- **DESCRIPTION OF THE TASK**: Please give back each entry below unaltered, leaving the pictures out.

- **PROVIDED RECORDS**:
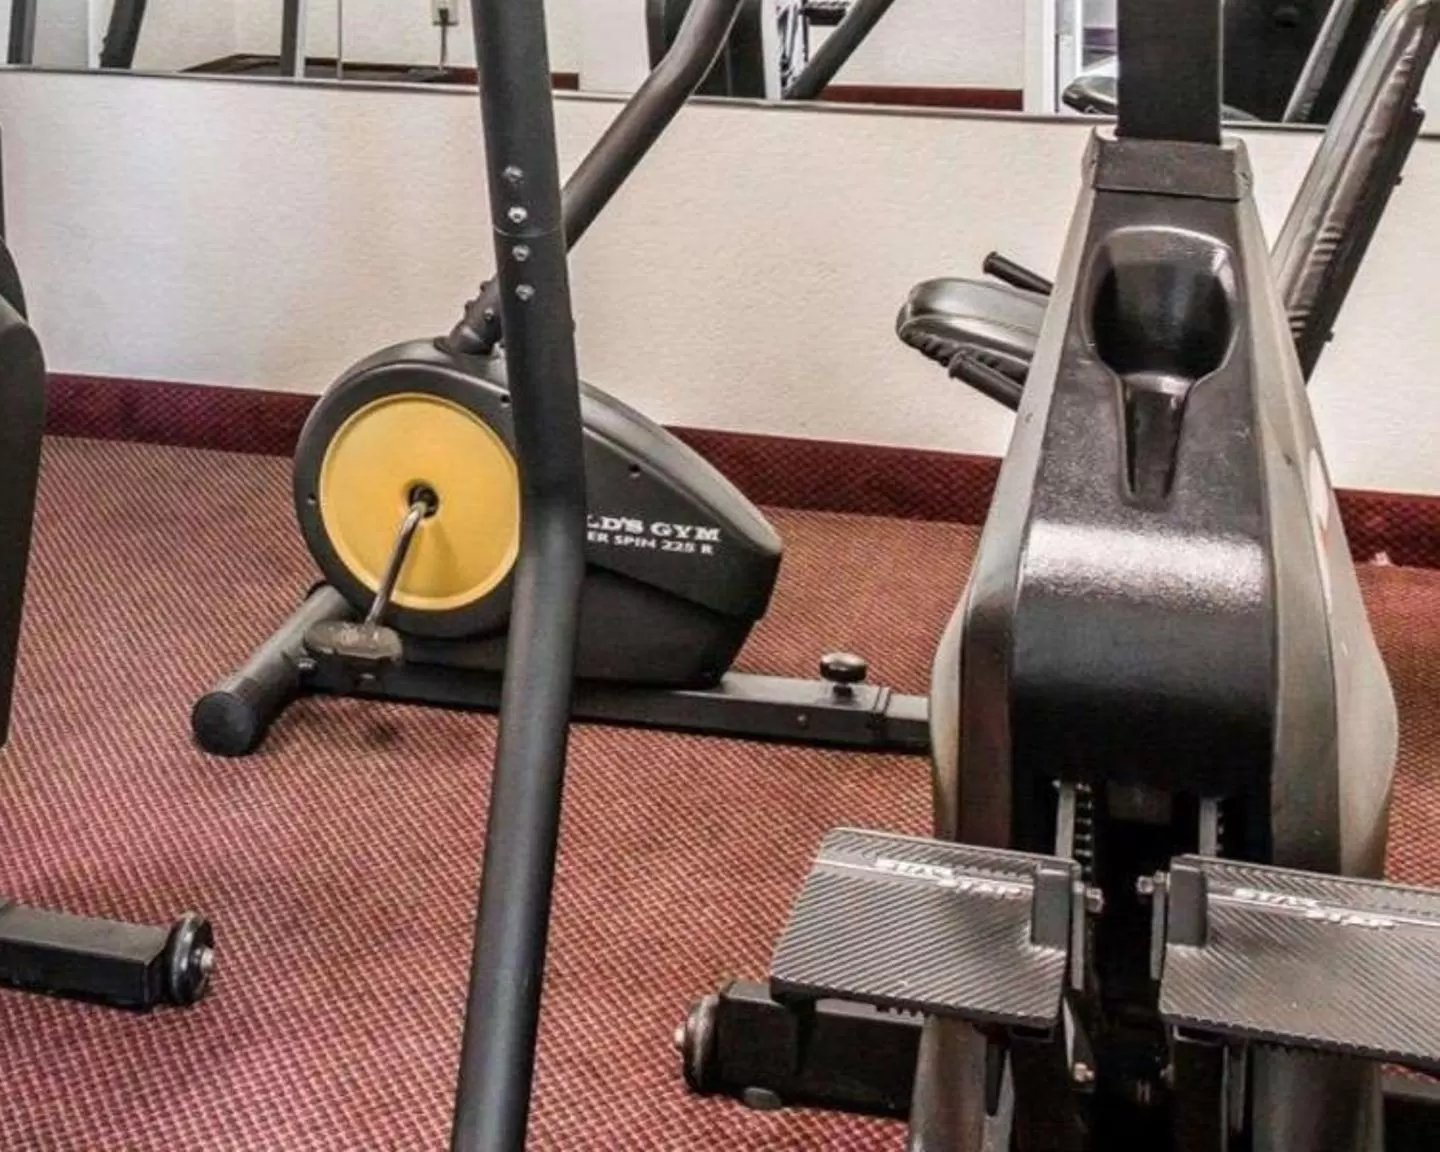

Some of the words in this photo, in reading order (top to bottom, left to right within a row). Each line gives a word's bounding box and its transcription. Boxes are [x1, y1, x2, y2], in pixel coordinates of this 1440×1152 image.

[650, 521, 721, 542] GYM
[613, 534, 656, 549] SPIN
[661, 539, 695, 554] 225
[699, 543, 714, 555] R
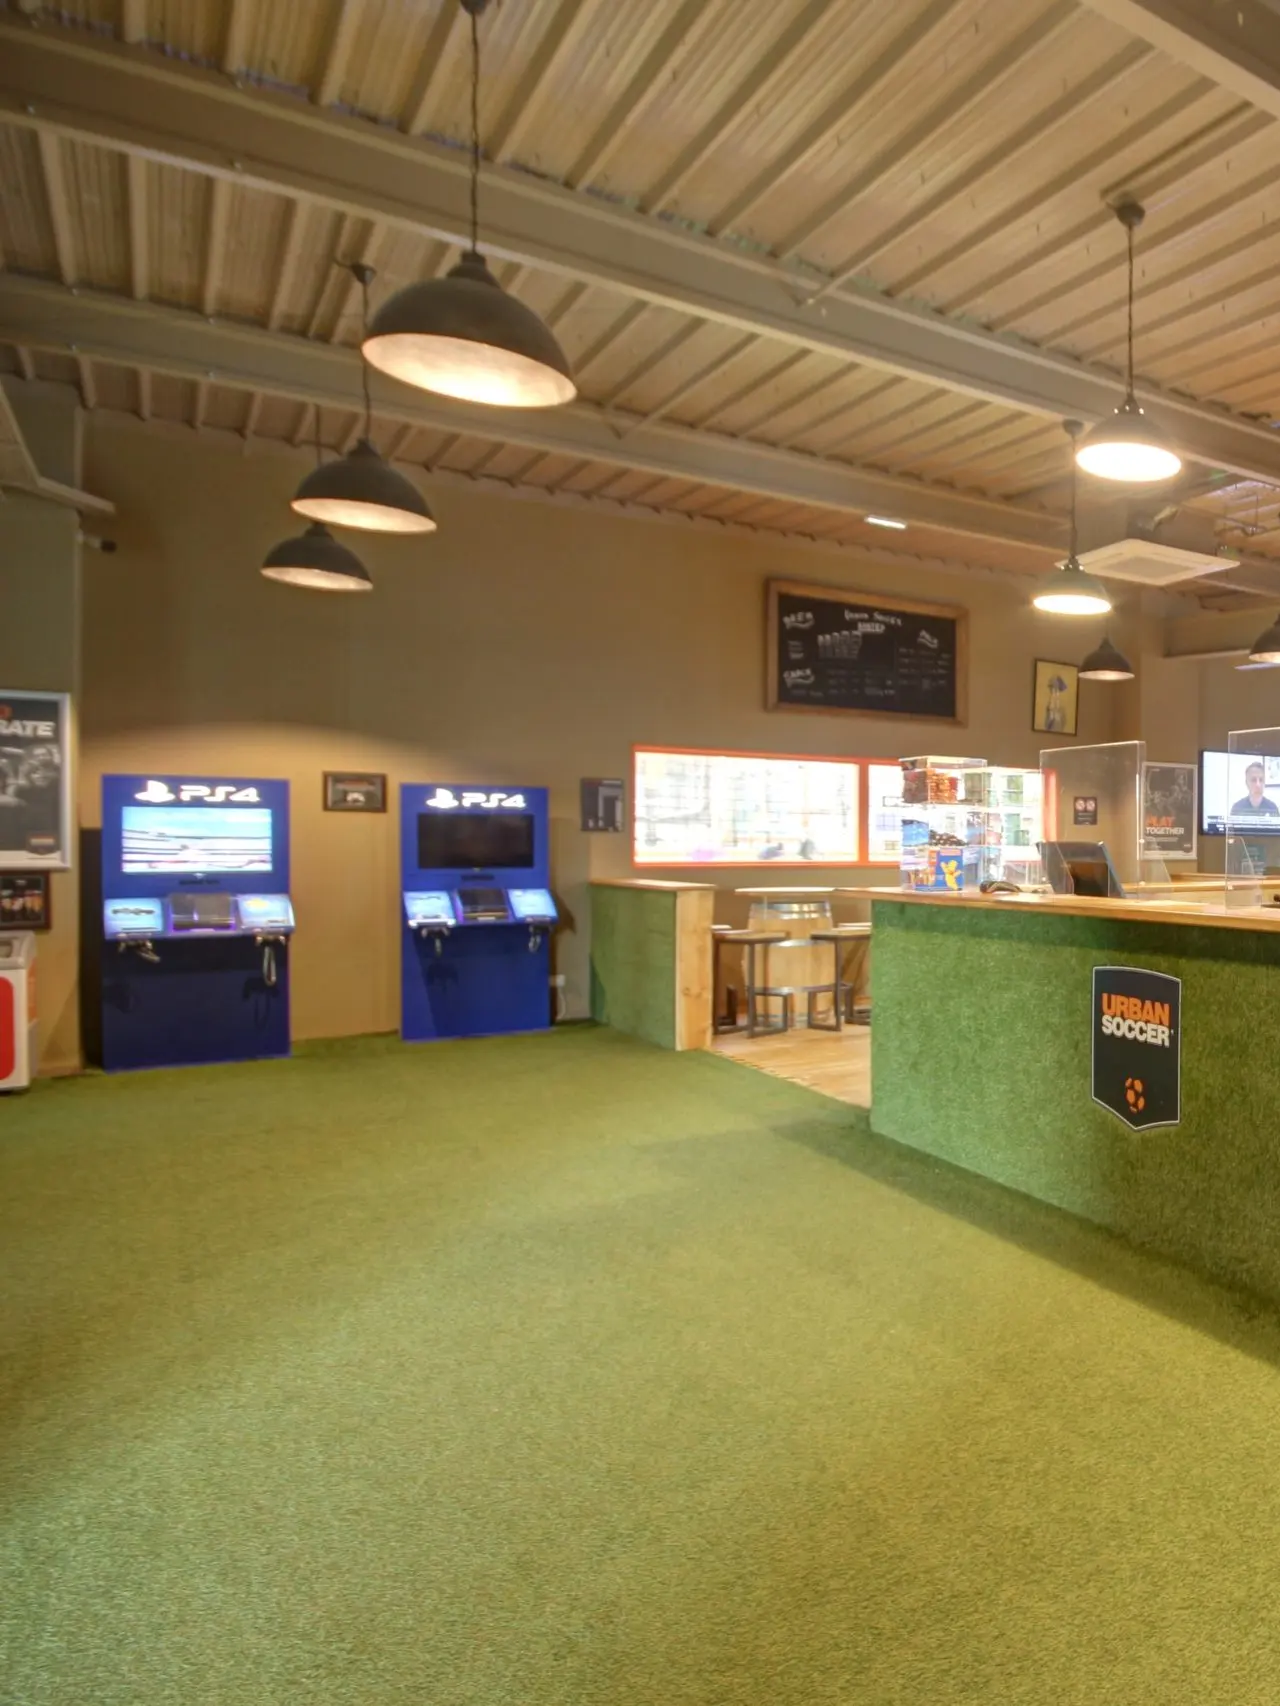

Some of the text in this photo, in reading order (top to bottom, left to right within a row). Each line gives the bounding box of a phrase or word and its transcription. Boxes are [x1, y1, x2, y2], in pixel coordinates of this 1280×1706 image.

- **OUTPUT FOR THIS EXERCISE**:
Some of the words in this photo, in reading order (top to bottom, left to right within a row). Each line gives a word's bounding box and its transcription. Boxes are [x1, y1, x2, y2], in pixel coordinates of this 1440×1152 image.

[650, 521, 721, 542] GYM
[613, 534, 656, 549] SPIN
[661, 539, 695, 554] 225
[699, 543, 714, 555] R

Some of the text in this photo, in reading order (top to bottom, left to right within a row). Each line gives the bounding box of a phrase or word and its transcription. Boxes are [x1, y1, x2, y2], in pixel coordinates of this 1280×1706 image.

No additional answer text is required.